PROBLEM STATEMENT:
Set down a true copy of the data, with all pictures left out.
....
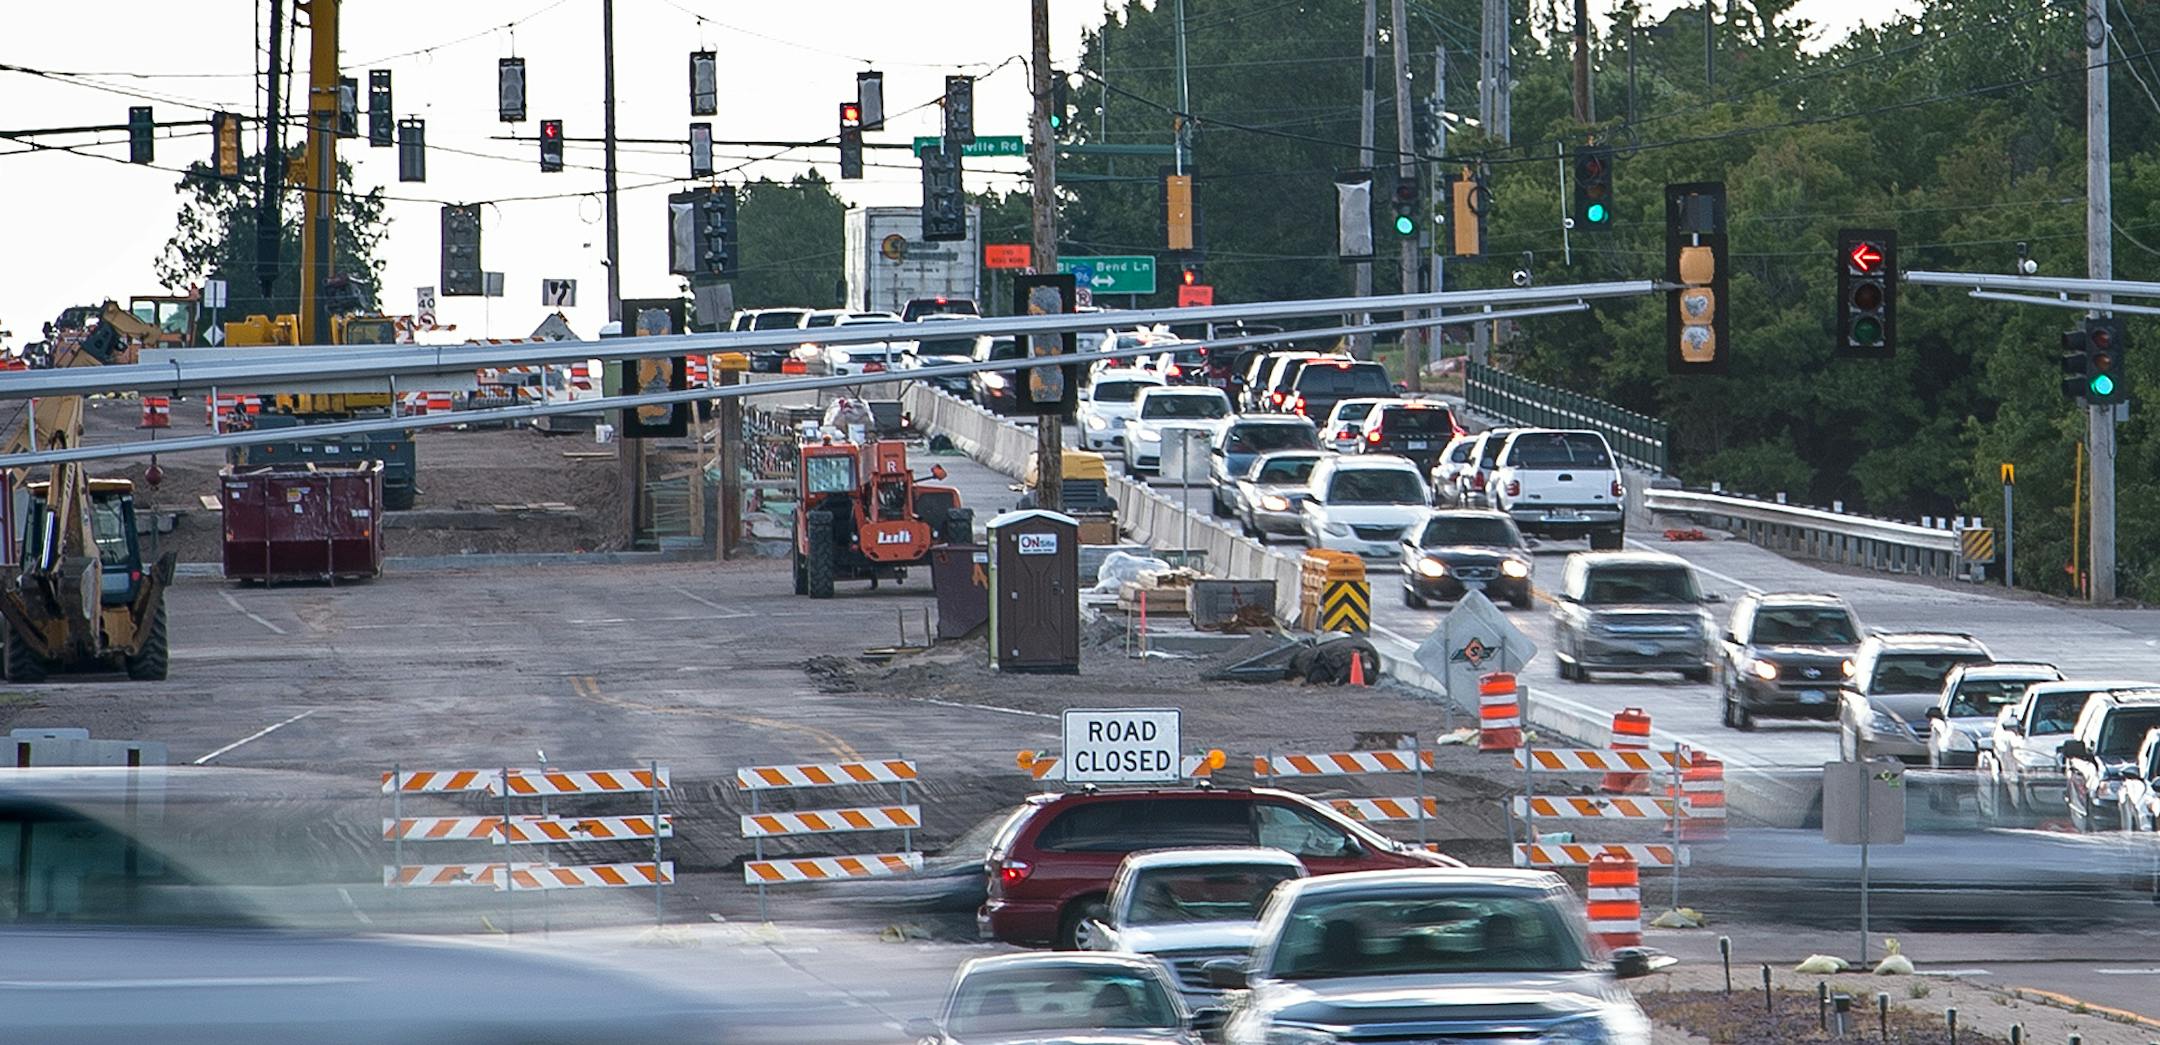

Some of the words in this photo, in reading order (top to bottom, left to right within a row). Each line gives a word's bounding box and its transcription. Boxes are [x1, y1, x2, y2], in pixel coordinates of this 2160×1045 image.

[1001, 141, 1018, 151] Rd
[1096, 262, 1128, 272] Bend
[1134, 262, 1150, 272] Ln
[418, 298, 435, 309] 40
[877, 530, 911, 545] Lull
[1089, 720, 1157, 742] ROAD
[1075, 750, 1171, 773] CLOSED
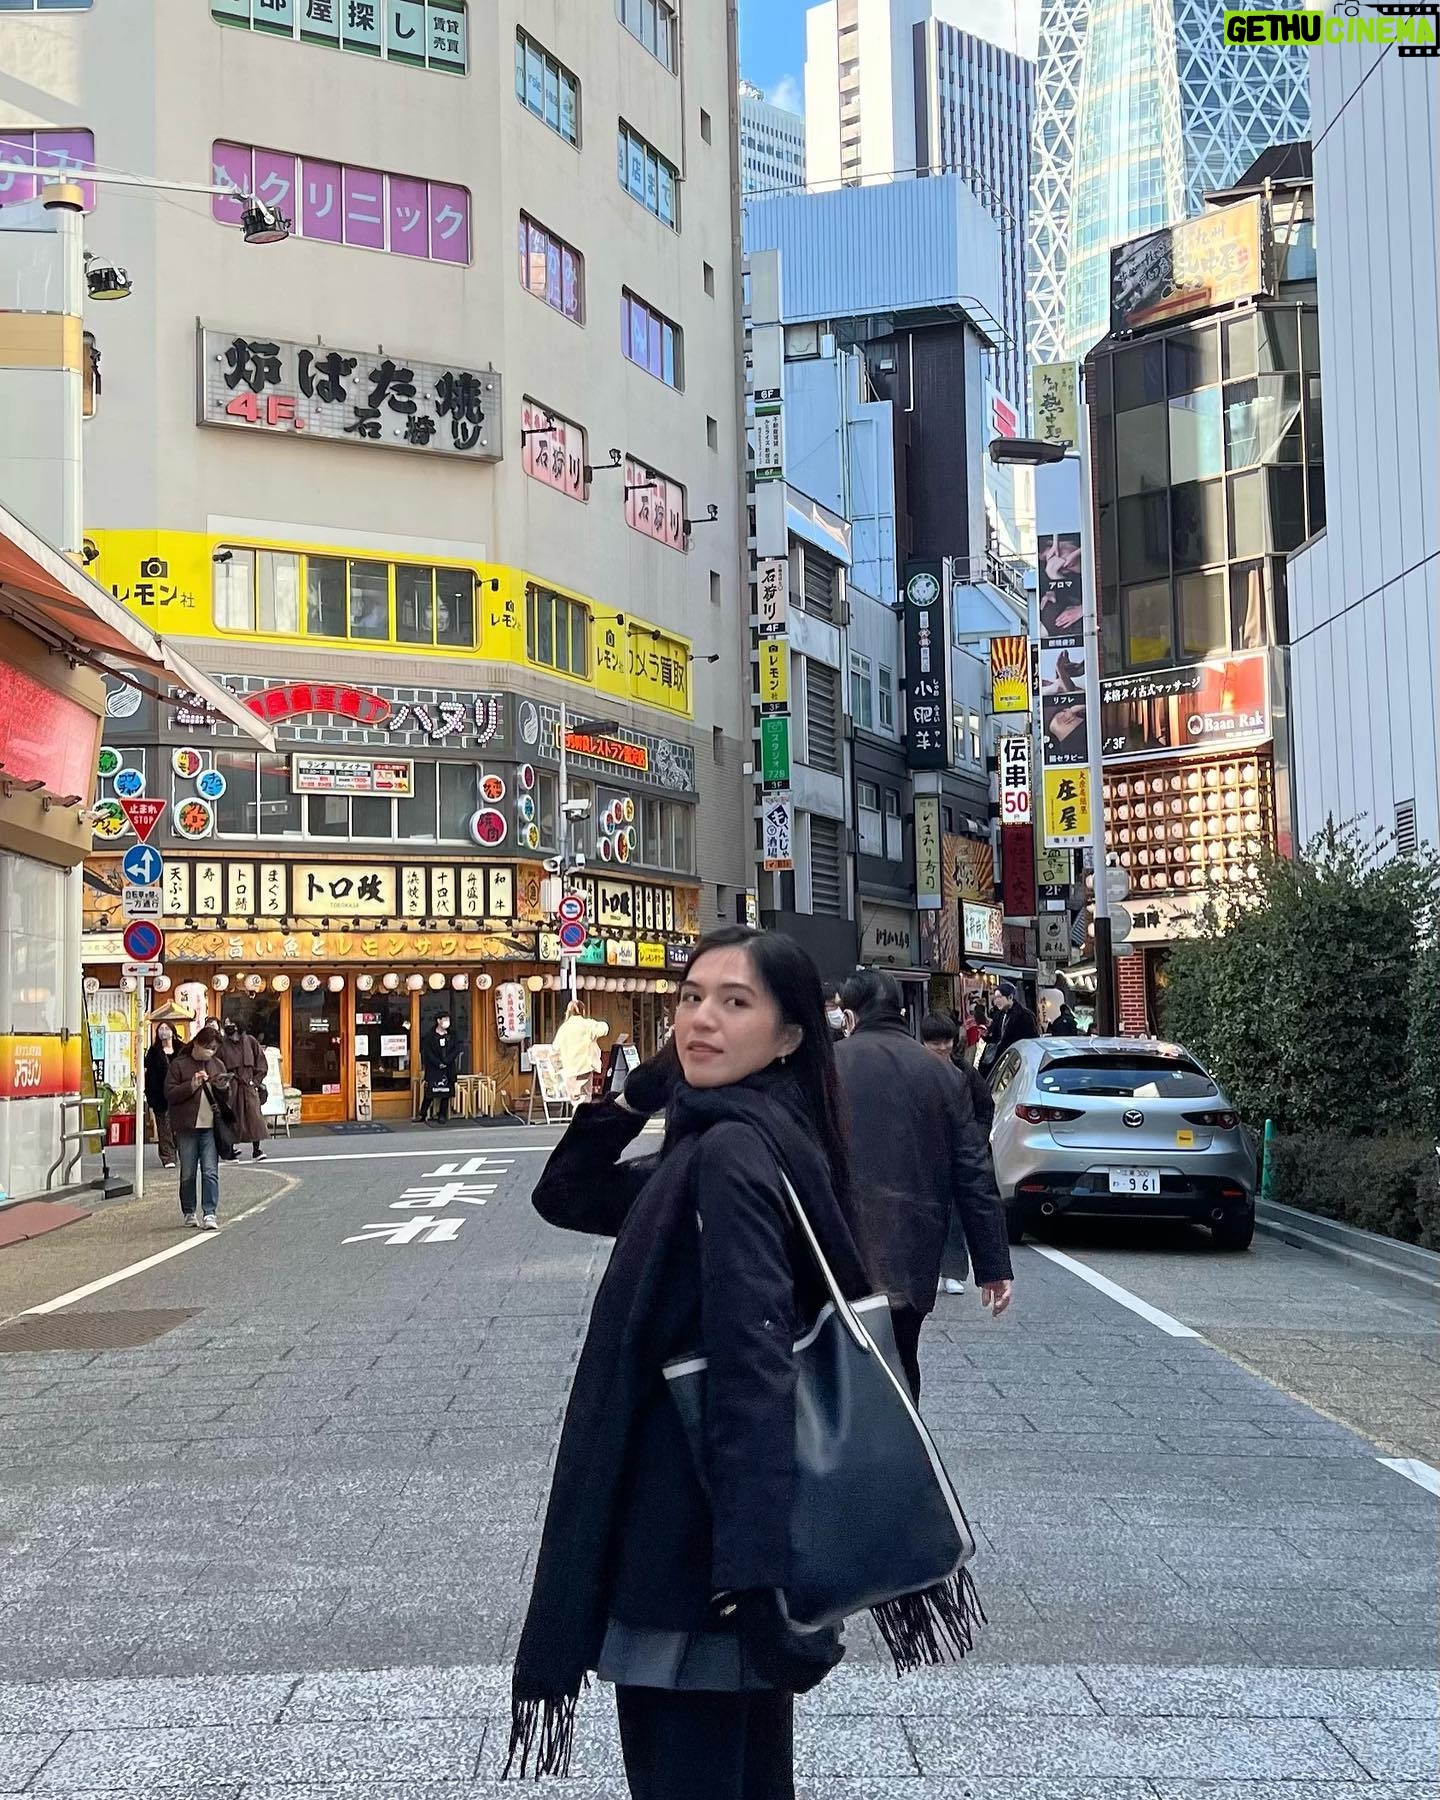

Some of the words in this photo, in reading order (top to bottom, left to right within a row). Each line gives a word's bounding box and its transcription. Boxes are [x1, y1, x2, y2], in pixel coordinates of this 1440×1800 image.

[233, 0, 416, 39] 屋探し
[224, 337, 485, 424] 炉ばた焼
[760, 389, 774, 400] 6F
[112, 583, 195, 609] レモン社
[1048, 580, 1073, 590] アロマ
[765, 623, 779, 633] 4F
[769, 703, 780, 712] 3F
[1053, 696, 1075, 706] リフレ
[389, 698, 498, 745] ハヌリ
[1204, 718, 1235, 733] Baan
[1238, 710, 1264, 728] Rak
[1112, 736, 1126, 750] 3F
[768, 769, 786, 779] 728
[1003, 739, 1027, 788] 伝串
[771, 781, 783, 789] 3F
[128, 803, 158, 814] 止まれ
[1004, 791, 1029, 813] 50
[1056, 778, 1079, 832] 庄屋
[133, 815, 154, 825] STOP
[170, 866, 183, 911] 天ぷら
[203, 867, 216, 911] 寿司
[268, 869, 281, 911] まぐろ
[307, 871, 386, 904] トロ政
[437, 872, 450, 913] 十四代
[494, 872, 507, 911] 和牛
[341, 1156, 516, 1245] 止まれ
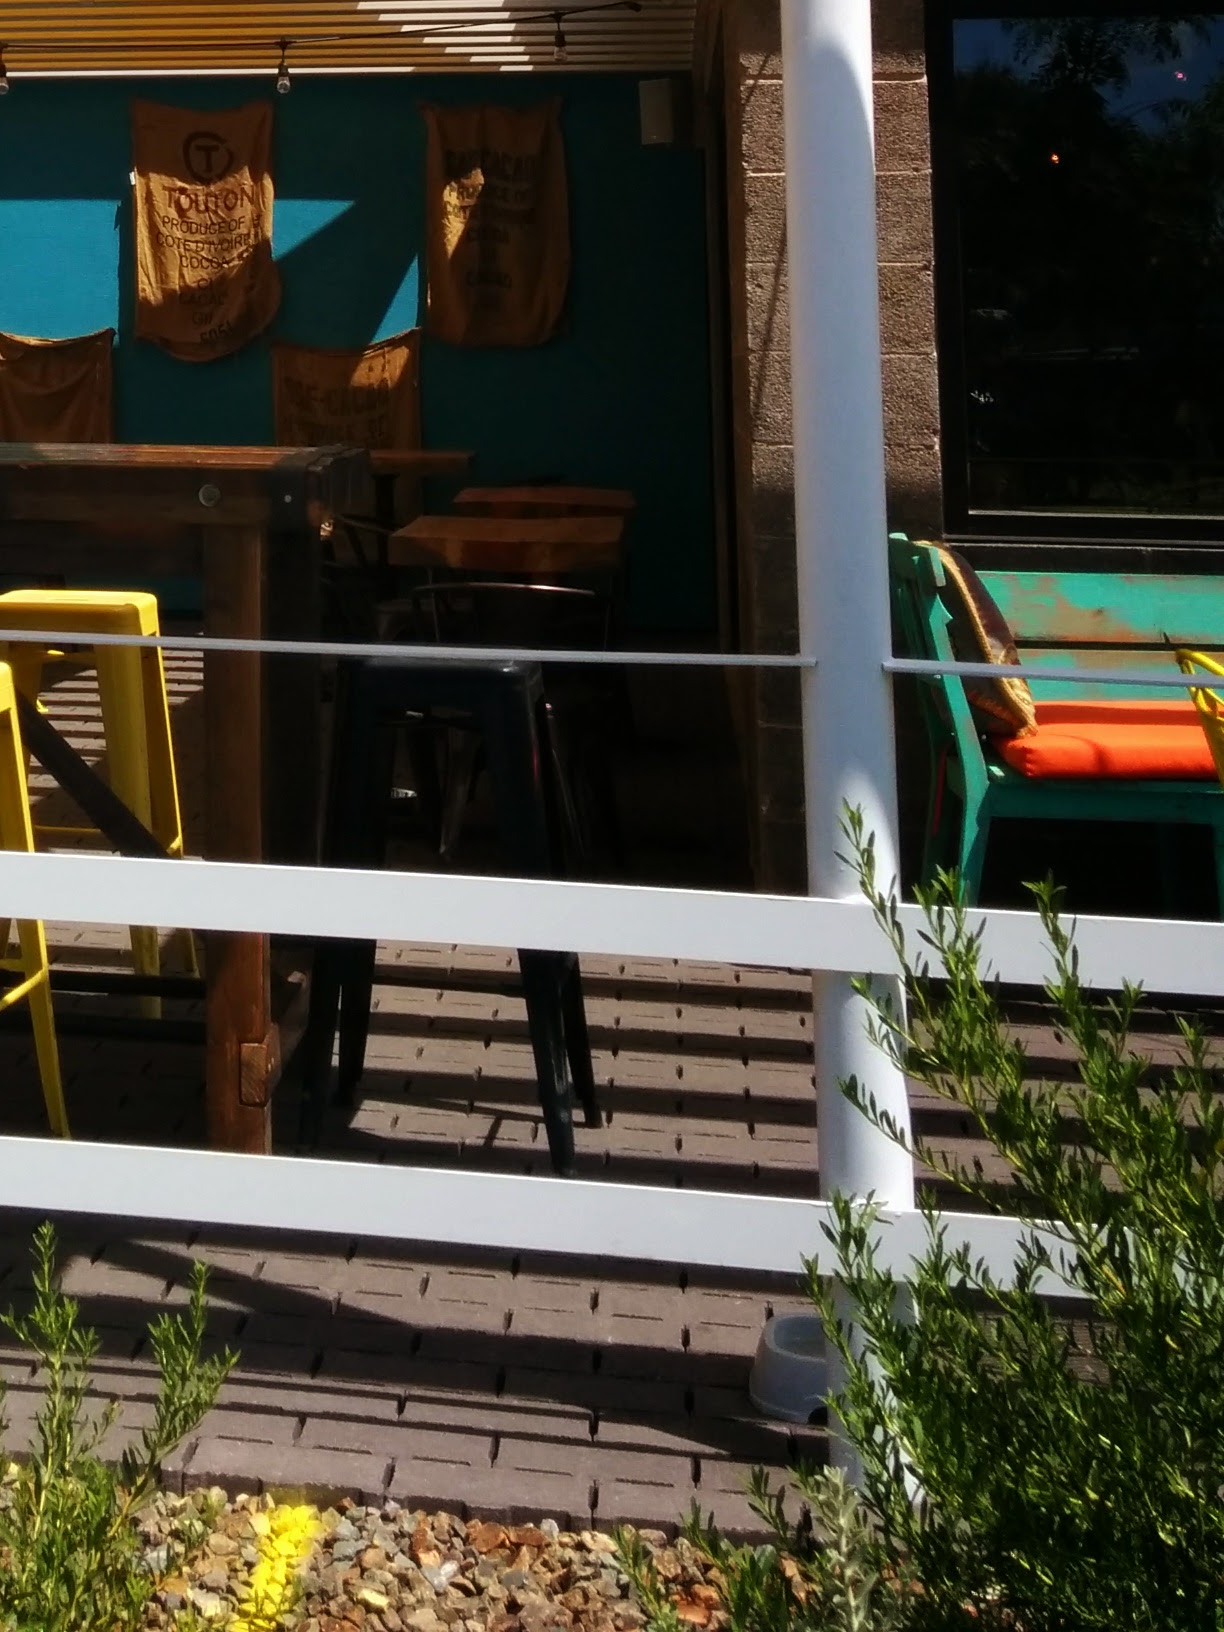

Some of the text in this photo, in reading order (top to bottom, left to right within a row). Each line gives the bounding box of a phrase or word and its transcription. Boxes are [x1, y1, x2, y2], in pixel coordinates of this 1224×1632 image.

[161, 185, 255, 214] TOUTON
[162, 215, 246, 235] PRODUCE OF
[156, 232, 191, 252] COTE
[180, 254, 231, 269] COCOA
....
RESPONSE TO THE TASK:
Some of the words in this photo, in reading order (top to bottom, left to right within a row). Each line gives a word's bounding box and its transcription. Boxes are [x1, y1, x2, y2], in pixel coordinates of this 2160×1045 image.

[1001, 141, 1018, 151] Rd
[1096, 262, 1128, 272] Bend
[1134, 262, 1150, 272] Ln
[418, 298, 435, 309] 40
[877, 530, 911, 545] Lull
[1089, 720, 1157, 742] ROAD
[1075, 750, 1171, 773] CLOSED

Some of the words in this photo, in reading order (top to bottom, left to right within a row). Each line gives a word's bounding box and its transcription. Boxes are [x1, y1, x2, y2], in pixel coordinates of this 1440×1800 image.

[233, 0, 416, 39] 屋探し
[224, 337, 485, 424] 炉ばた焼
[760, 389, 774, 400] 6F
[112, 583, 195, 609] レモン社
[1048, 580, 1073, 590] アロマ
[765, 623, 779, 633] 4F
[769, 703, 780, 712] 3F
[1053, 696, 1075, 706] リフレ
[389, 698, 498, 745] ハヌリ
[1204, 718, 1235, 733] Baan
[1238, 710, 1264, 728] Rak
[1112, 736, 1126, 750] 3F
[768, 769, 786, 779] 728
[1003, 739, 1027, 788] 伝串
[771, 781, 783, 789] 3F
[128, 803, 158, 814] 止まれ
[1004, 791, 1029, 813] 50
[1056, 778, 1079, 832] 庄屋
[133, 815, 154, 825] STOP
[170, 866, 183, 911] 天ぷら
[203, 867, 216, 911] 寿司
[268, 869, 281, 911] まぐろ
[307, 871, 386, 904] トロ政
[437, 872, 450, 913] 十四代
[494, 872, 507, 911] 和牛
[341, 1156, 516, 1245] 止まれ

Some of the text in this photo, in reading order (top to bottom, left to right within a row). Each line gives the bounding box of a phrase or word and its transcription. Boxes are [x1, y1, x2, y2], in pixel coordinates of this 1224×1632 image.

[161, 185, 255, 214] TOUTON
[162, 215, 246, 235] PRODUCE OF
[156, 232, 191, 252] COTE
[180, 254, 231, 269] COCOA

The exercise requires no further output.